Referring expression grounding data
____________________

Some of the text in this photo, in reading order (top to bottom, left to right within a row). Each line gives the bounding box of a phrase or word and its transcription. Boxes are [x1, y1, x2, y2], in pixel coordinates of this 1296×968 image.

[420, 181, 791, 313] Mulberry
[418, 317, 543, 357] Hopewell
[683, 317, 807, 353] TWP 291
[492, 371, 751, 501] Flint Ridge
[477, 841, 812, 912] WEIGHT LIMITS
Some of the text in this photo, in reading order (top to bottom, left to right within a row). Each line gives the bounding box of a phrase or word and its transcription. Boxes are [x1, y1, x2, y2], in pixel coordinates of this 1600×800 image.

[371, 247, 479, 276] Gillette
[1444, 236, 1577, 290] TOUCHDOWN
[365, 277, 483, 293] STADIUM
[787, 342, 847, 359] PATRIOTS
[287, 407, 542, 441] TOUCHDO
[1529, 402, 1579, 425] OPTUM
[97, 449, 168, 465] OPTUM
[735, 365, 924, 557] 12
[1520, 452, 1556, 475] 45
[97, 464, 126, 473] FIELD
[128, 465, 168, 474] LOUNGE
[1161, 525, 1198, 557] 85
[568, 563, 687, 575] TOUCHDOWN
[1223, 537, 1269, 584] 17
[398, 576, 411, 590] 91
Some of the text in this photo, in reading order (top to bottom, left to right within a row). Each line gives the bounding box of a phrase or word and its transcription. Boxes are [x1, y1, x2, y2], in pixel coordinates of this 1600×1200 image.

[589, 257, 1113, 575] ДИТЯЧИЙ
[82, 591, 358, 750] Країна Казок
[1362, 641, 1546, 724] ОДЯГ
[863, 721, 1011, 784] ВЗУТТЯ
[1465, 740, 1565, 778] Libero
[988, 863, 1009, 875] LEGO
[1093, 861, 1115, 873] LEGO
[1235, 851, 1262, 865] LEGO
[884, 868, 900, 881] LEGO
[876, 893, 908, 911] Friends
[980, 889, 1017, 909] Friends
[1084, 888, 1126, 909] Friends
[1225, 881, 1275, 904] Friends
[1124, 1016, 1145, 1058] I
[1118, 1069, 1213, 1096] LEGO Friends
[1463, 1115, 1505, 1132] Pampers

____________________

» Exercise description: All the lines above must be output exactly, with none omitted.

» Task result:
Some of the text in this photo, in reading order (top to bottom, left to right within a row). Each line gives the bounding box of a phrase or word and its transcription. Boxes are [x1, y1, x2, y2], in pixel coordinates of this 1296×968 image.

[420, 181, 791, 313] Mulberry
[418, 317, 543, 357] Hopewell
[683, 317, 807, 353] TWP 291
[492, 371, 751, 501] Flint Ridge
[477, 841, 812, 912] WEIGHT LIMITS
Some of the text in this photo, in reading order (top to bottom, left to right within a row). Each line gives the bounding box of a phrase or word and its transcription. Boxes are [x1, y1, x2, y2], in pixel coordinates of this 1600×800 image.

[371, 247, 479, 276] Gillette
[1444, 236, 1577, 290] TOUCHDOWN
[365, 277, 483, 293] STADIUM
[787, 342, 847, 359] PATRIOTS
[287, 407, 542, 441] TOUCHDO
[1529, 402, 1579, 425] OPTUM
[97, 449, 168, 465] OPTUM
[735, 365, 924, 557] 12
[1520, 452, 1556, 475] 45
[97, 464, 126, 473] FIELD
[128, 465, 168, 474] LOUNGE
[1161, 525, 1198, 557] 85
[568, 563, 687, 575] TOUCHDOWN
[1223, 537, 1269, 584] 17
[398, 576, 411, 590] 91
Some of the text in this photo, in reading order (top to bottom, left to right within a row). Each line gives the bounding box of a phrase or word and its transcription. Boxes are [x1, y1, x2, y2], in pixel coordinates of this 1600×1200 image.

[589, 257, 1113, 575] ДИТЯЧИЙ
[82, 591, 358, 750] Країна Казок
[1362, 641, 1546, 724] ОДЯГ
[863, 721, 1011, 784] ВЗУТТЯ
[1465, 740, 1565, 778] Libero
[988, 863, 1009, 875] LEGO
[1093, 861, 1115, 873] LEGO
[1235, 851, 1262, 865] LEGO
[884, 868, 900, 881] LEGO
[876, 893, 908, 911] Friends
[980, 889, 1017, 909] Friends
[1084, 888, 1126, 909] Friends
[1225, 881, 1275, 904] Friends
[1124, 1016, 1145, 1058] I
[1118, 1069, 1213, 1096] LEGO Friends
[1463, 1115, 1505, 1132] Pampers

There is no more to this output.